But, in all seriousness: I have been in content design for more than a decade, and for more than half of that time as a people manager and leader. I have hired and partnered with some absolutely amazing, stellar writers during that time. I’m talking about people who knew AP style like the back of their hand, had very strong opinions about the Oxford comma, and could spend days-on-end writing the perfect, most effective string for a product. 

In many (but certainly not all!) cases, these folks struggled to have as much impact as peers who didn’t share their impressive editorial attention-to-detail. And that sort of seems unfair, right? You’d think the people who spent the most time obsessing about good writing would be the ones to deliver the best, most impactful results. So what gives? 

Well, let me give you my personal take. 

Content designers work for businesses; not publications

And in most cases, those businesses do not care about editorial excellence. They understand the value of having clear, user-focused, helpful product copy of course (they wouldn’t hire us if they didn’t!) but I think you’d be hard-pressed to find a Chief Product Officer who thought non-compliance with the Oxford comma was a P0 product issue that needed to be fixed asap. 

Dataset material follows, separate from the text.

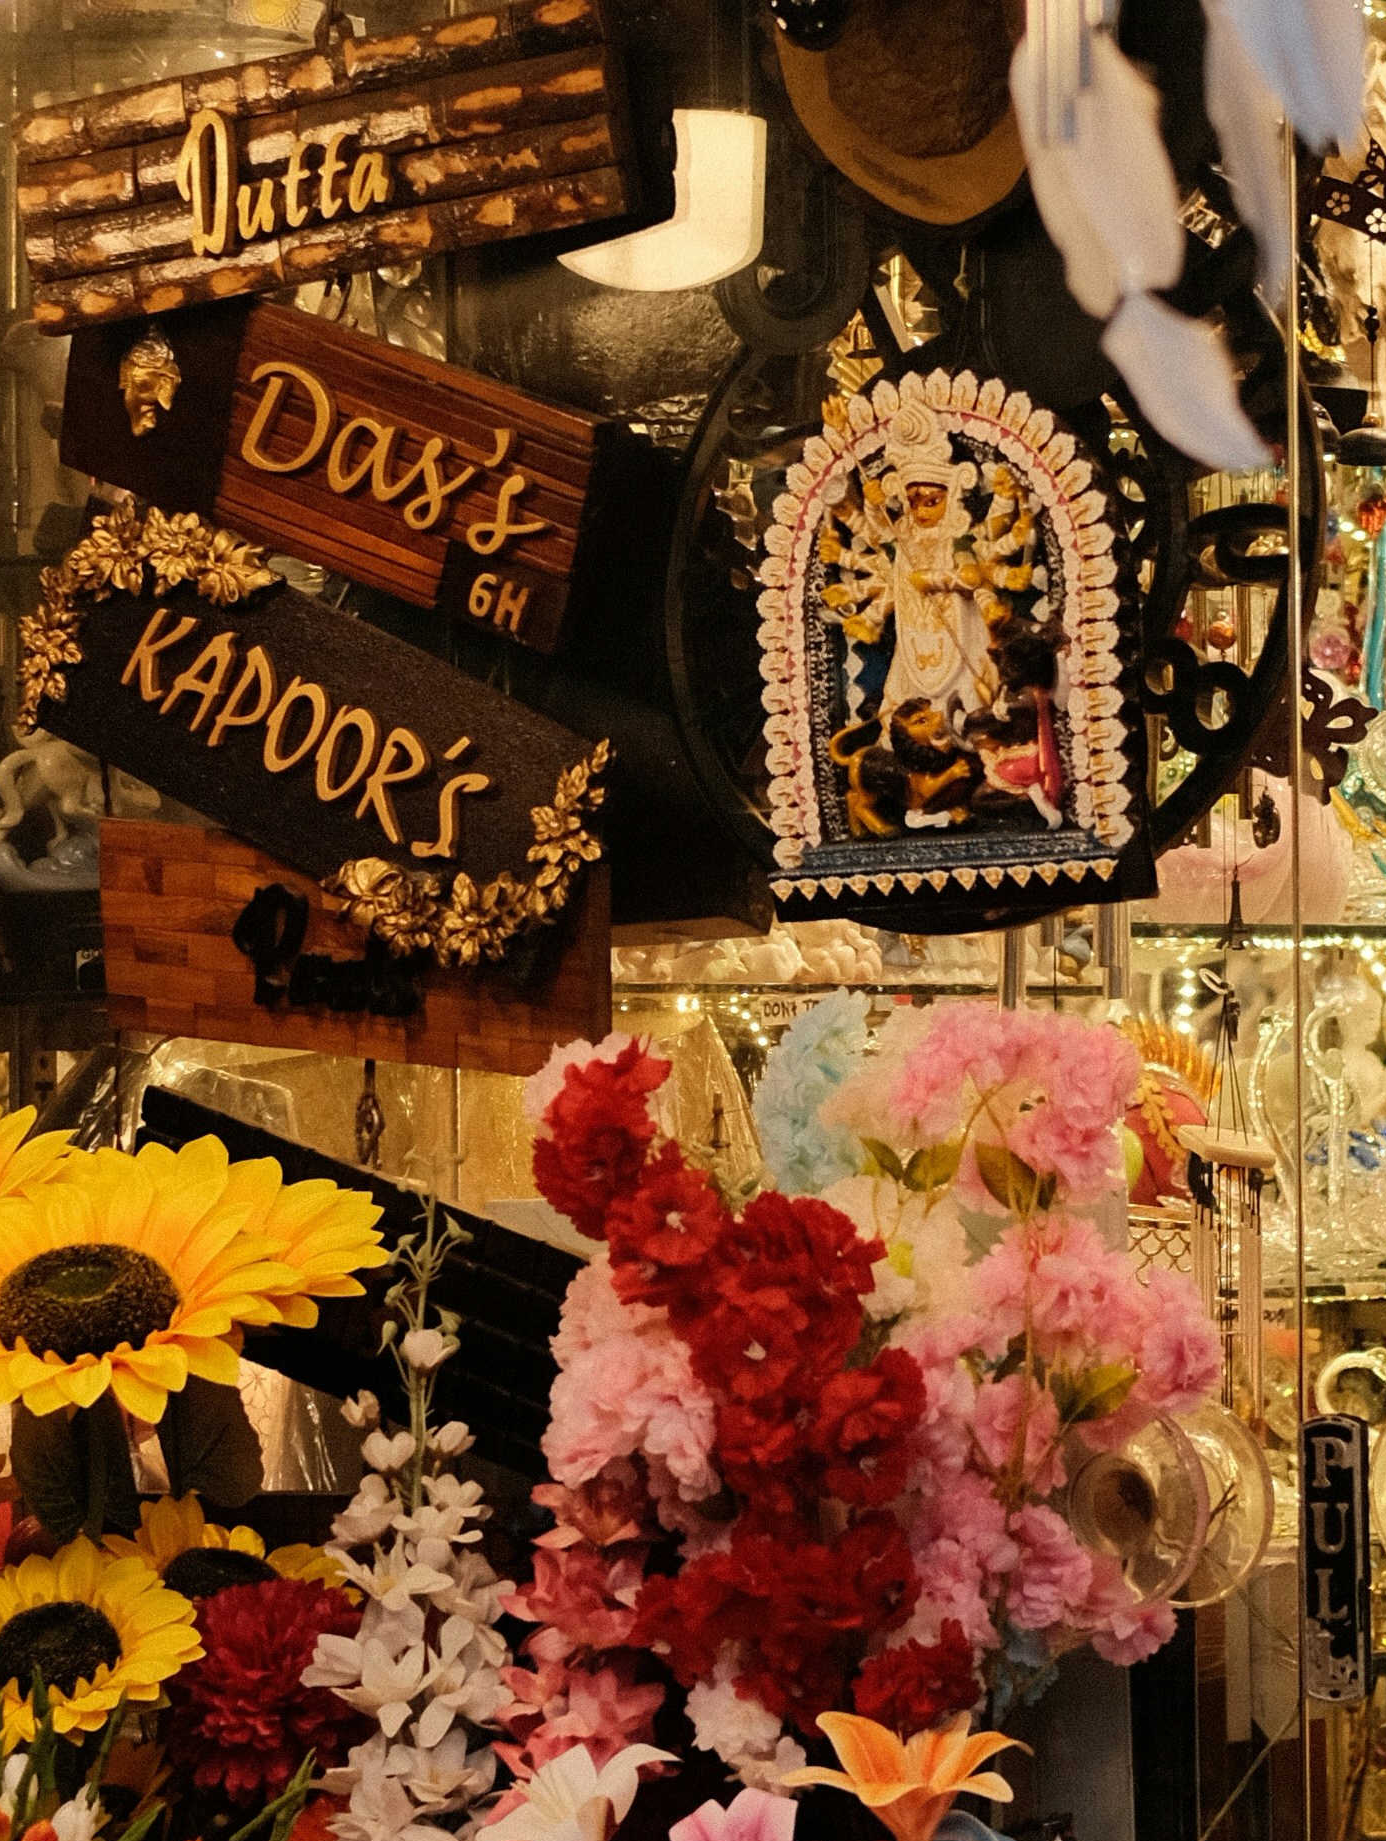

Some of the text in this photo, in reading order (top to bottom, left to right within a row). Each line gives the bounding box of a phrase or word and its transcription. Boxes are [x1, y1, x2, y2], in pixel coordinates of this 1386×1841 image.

Folks at the top of these businesses care about, well, business metrics. Things like revenue, churn, and profit. And while there are many cases in which doing something like selecting the right button copy drives a significant amount of incremental revenue, by-and-large, editorial minutiae does not have direct, material impact on business metrics. 

Please don’t misunderstand me here—I am not saying that product content is not important and does not contribute to business metrics. It is absolutely essential that companies create interfaces that are easy-to-use and user-centric. 

But what I AM saying, is that the smaller bits of product content—the “is it a comma or an em-dash” dilemma, the one-off use of title case instead of sentence case, and yes—even the dreaded typo— do not usually hit the business’s bottom-line that hard. 

These are quality considerations. Things that we care about as content designers because we care a lot about our craft. And I hope that we continue to care about and take care of those details, too! I’m not advocating for letting the typo ship or just generally doing sloppy work. 

Does “good writing” have the most impact?

If one of my reports spent weeks developing an iron-clad content strategy and getting buy-in to it from their design, marketing, and product partners, but then accidentally shipped the wrong button casing when it came time to do the writing, I truly wouldn’t care. I’d ask them to file a quality ticket, sure, but I wouldn’t give them harsh feedback or hold it against them in a performance review. 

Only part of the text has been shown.